Probably the first point to be determined is are they already telepathic. Save a lot of lab time.

Suggest double-blind testing, two containers in different rooms, startle one and see what happens to the other. Failure of froghopper 2 to react as expected might just be schadenfreude.
-- not_morrison_rm, May 29 2012


The range of their telepathy would also be important. If it can't be picked up by froghoppers in the troposphere, it would be useless unless it could be amplified.
-- nineteenthly, May 29 2012


What you need is a telepathy megaphone.
-- UnaBubba, May 29 2012


pardon?
-- not_morrison_rm, May 29 2012


Do you believe in mental telepathy?

"NO" I hear you think.
-- UnaBubba, May 29 2012


Thinking on this, telepathy would be crap. You'd hear all the thoughts, but you'd also hear all the voices other people hear in their heads..so kind of multiplied-schizophrenia... <wonders what voices froghoppers hear in their heads>
-- not_morrison_rm, May 30 2012


<...GROG thinking: Hundreds of Telepathic Froghoppers in a Blender...> BAD GROG! NO BISCUIT!
-- Grogster, May 30 2012


Surely a quick experiment with say 4 adult pirates each balancing on top of each others shoulders for example, would demonstrate a fairly fundamental flaw in this theory, without the benefit of [Bigs] fine mathematical endeavors.

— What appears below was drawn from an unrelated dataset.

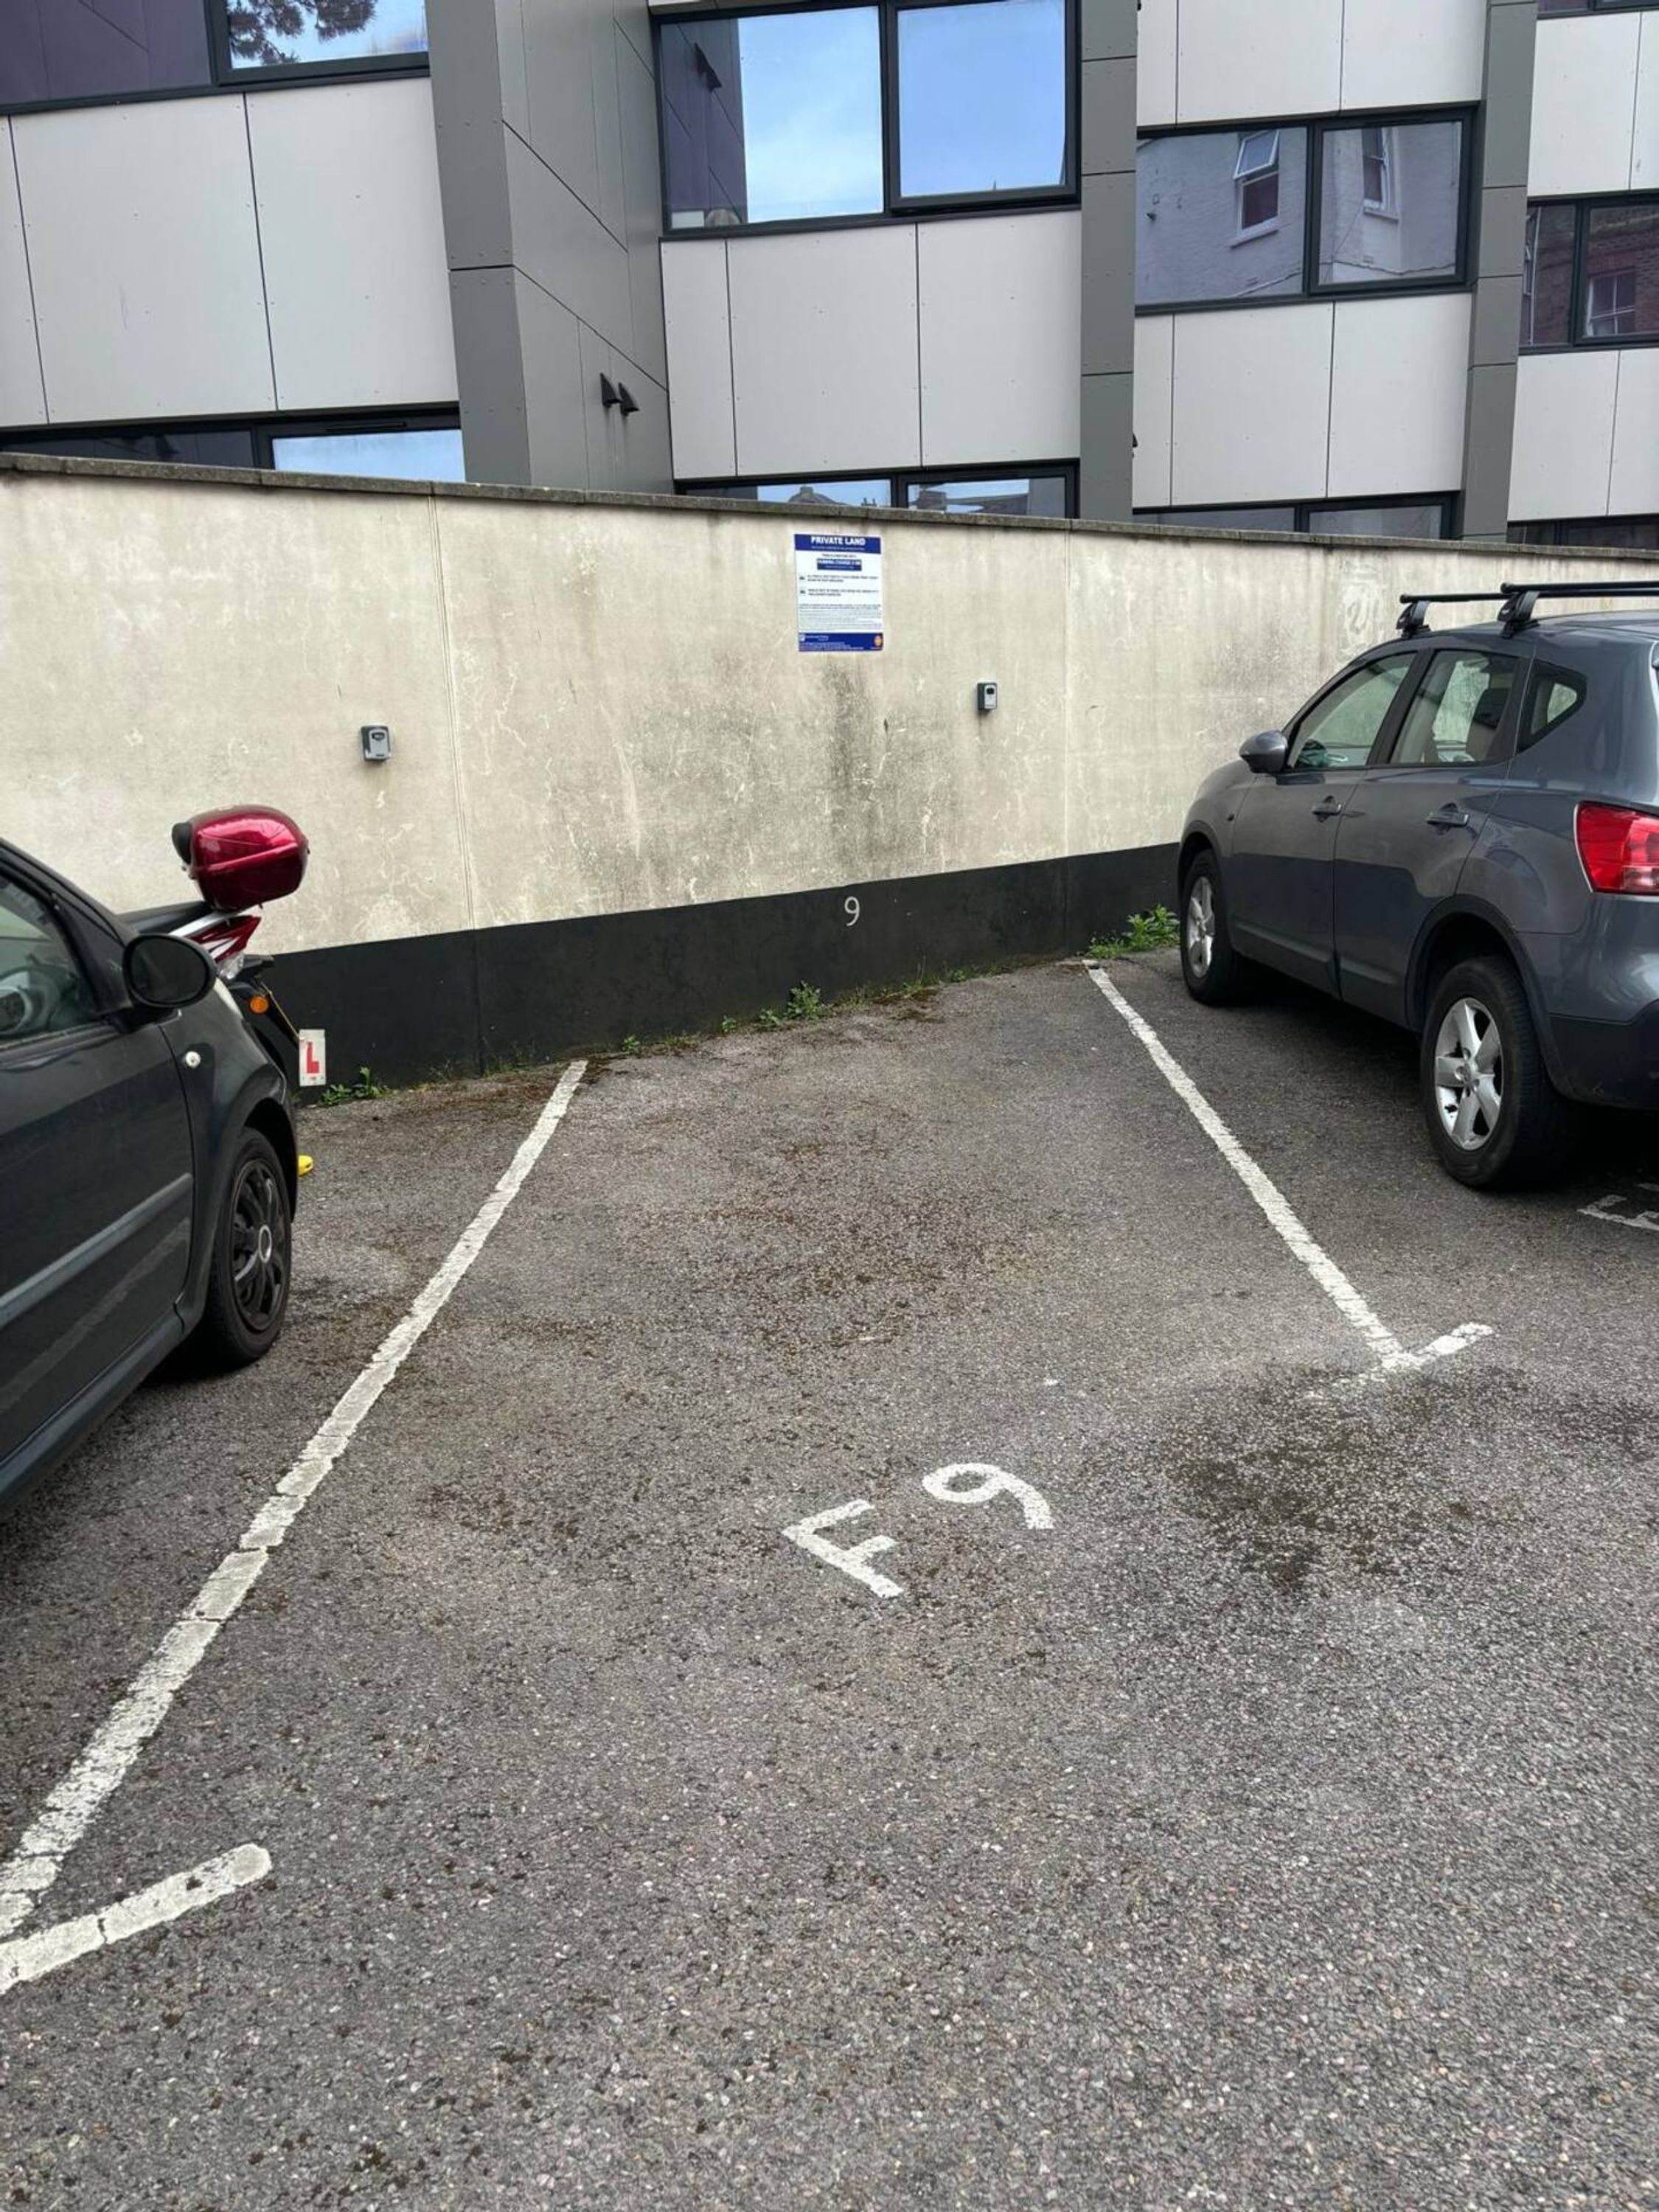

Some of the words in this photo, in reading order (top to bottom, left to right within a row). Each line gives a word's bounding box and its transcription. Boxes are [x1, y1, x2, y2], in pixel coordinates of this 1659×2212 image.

[UnaBubba] I can hear a booming thought coming across the "ether" saying "this is Telepathetic"
-- PainOCommonSense, May 30 2012


Pardon? <inspects ear/mind trumpet, dislodges bird's nest>

Anyway, this is from the missing MacGyver episode where he makes a froghopper-powered gun to do something implausible?
-- not_morrison_rm, May 31 2012


If you give them a telepathic shock do they still evince a galvanic response?
-- UnaBubba, May 31 2012


That gives me an idea. Instead of waiting for their own reactions, they could just be shocked electrically in sequence, perhaps not even killing them in the process but relying on their own startle responses.
-- nineteenthly, May 31 2012


Where I come from they call it cuckoo spit. (the bubbles inside which you can find froghoppers). I never really liked the parasitic cuckoo, so I am more than happy to help extract gallons of saliva from a large scale cuckoo farm. The enjoyable part being to convince the cuckoo's to lay fake little bird eggs into my fake little bird nests. Whuaaa Ha Ha haaa..!
-- PainOCommonSense, May 31 2012


I understand it could be doable, but how do you control the direction of their jump, precisely?

//telepathic//
-- this one actually kills the whole idea.
-- Inyuki, May 31 2012


I thought the final line was a humorous addition.
-- rcarty, May 31 2012


Telepathy would be much cheaper than trying to rig up a comms net for them all.
-- UnaBubba, May 31 2012


It'll probably turn out that telepathy runs on TCP/IP as well..so probably some routers in there somewhere. Getting the froghoppers to remember their own IP address might prove challenging.